La précision et l'exactitude des uniformes, notamment celui de l'officier de chasseurs à cheval mort (que Jean-Jacques Pattyn a pu identifier comme étant le lieutenant Dumont, du 3e régiment de chasseurs à cheval), est telle que ce dessin ne peut être que l’œuvre d'un témoin oculaire.
Il existe d'autres dessins faits peu de temps après la bataille et qui seront présentés ici dans les jours suivants. Ils ont comme caractéristique commune de ne montrer aucune enseigne ou inscription peinte sur les façades du bâtiment.
Par contre, les dessins faits plus tard, généralement par des « touristes » anglais qui n'ont pu se rendre sur les lieux que plusieurs semaines après la bataille, montrent que la Belle-Alliance a été garnie d'une inscription en lettres noires sur fond blanc.
Un voyageur écossais, James Simpson, a publié le récit de la visite qu'il a faite le 31 juillet 1815, et il note que le propriétaire a fait peindre sur le pignon, en lettres noirs sur fond blanc, l'inscription « Hotel de la Belle-Alliance ».

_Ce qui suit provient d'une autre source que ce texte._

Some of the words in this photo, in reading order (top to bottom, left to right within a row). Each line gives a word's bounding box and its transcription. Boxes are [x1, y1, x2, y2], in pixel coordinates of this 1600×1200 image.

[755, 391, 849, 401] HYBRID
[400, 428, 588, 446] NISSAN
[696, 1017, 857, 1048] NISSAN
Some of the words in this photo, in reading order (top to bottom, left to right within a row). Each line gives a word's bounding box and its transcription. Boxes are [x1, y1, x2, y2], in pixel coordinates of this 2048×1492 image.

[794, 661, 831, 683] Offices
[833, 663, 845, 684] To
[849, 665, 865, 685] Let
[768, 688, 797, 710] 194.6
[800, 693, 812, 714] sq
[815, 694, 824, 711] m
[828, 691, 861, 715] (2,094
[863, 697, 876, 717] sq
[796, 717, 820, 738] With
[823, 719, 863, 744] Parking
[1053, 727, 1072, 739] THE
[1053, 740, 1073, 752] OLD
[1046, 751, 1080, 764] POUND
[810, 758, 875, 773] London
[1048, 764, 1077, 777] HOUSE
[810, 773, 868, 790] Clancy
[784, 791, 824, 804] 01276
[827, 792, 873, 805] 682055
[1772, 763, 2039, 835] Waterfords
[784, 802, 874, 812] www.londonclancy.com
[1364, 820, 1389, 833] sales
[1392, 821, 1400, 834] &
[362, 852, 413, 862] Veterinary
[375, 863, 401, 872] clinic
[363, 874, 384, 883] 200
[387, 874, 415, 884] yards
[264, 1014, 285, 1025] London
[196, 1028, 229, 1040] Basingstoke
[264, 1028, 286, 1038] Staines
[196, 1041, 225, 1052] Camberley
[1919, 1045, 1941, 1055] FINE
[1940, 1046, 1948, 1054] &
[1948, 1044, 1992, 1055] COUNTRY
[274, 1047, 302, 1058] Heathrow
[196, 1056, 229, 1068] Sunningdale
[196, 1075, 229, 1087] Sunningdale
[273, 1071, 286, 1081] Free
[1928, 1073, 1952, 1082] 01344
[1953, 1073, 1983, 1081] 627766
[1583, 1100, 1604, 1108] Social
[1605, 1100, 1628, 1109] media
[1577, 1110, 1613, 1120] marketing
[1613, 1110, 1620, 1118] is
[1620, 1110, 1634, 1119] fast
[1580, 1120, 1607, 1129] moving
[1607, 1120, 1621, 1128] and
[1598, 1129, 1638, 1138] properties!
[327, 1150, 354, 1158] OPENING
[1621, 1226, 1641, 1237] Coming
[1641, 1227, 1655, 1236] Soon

Simpson (James), A Visit to Flanders, in July, 1815, Edinburgh, 1816.



Ce qui donne à penser que l'inscription, au moment de la visite de J. Simpson, était d'application récente.
Le voyageur anglais Robert Hills a visité le champ de bataille le samedi 22 juillet 1815. Il a dessiné la Belle-Alliance, et l'on ne voit pas d'inscription ornant la façade sur son dessin. Mais il note dans son récit (p. 87) que ce miserable estaminet (miserable little ale-house) s'appelle "Hotel de la Belle-Alliance et à Wellington" (sic), et il ajoute en note que la mention "à Wellington" a été ajoutée après la bataille ("The addition "à Wellington", had been painted on its front subseqently to the battle").
On en conclura que c'est entre le 20 juin et le 31 juillet 1815 que le propriétaire de la Belle-Alliance, probablement soucieux de faire valoir son bien, a fait peindre l'inscription sur les façades du bâtiment. (Ceci peut paraître un détail, mais il est d'importance dans la discussion concernant l'erreur de lecture de carte par l'armée française à Waterloo.)

Quoi qu'il en soit, le fait que le grand-père du cinéma, le père des images animées, ait parcouru le champ de bataille le lendemain de la sanglante confrontation, et qu'il en ait ramené un des tout premiers témoignages iconographiques, valait d'être rappelé en cette année du Bicentenaire.

     
         
 
         
  Voir aussi : Jean-Jacques Pattyn, L'aquarelle de la Belle Alliance exécutée par Joseph Plateau, dans Bulletin de la S.B.E.N., n° 36, 2000, pp. 4 à 7.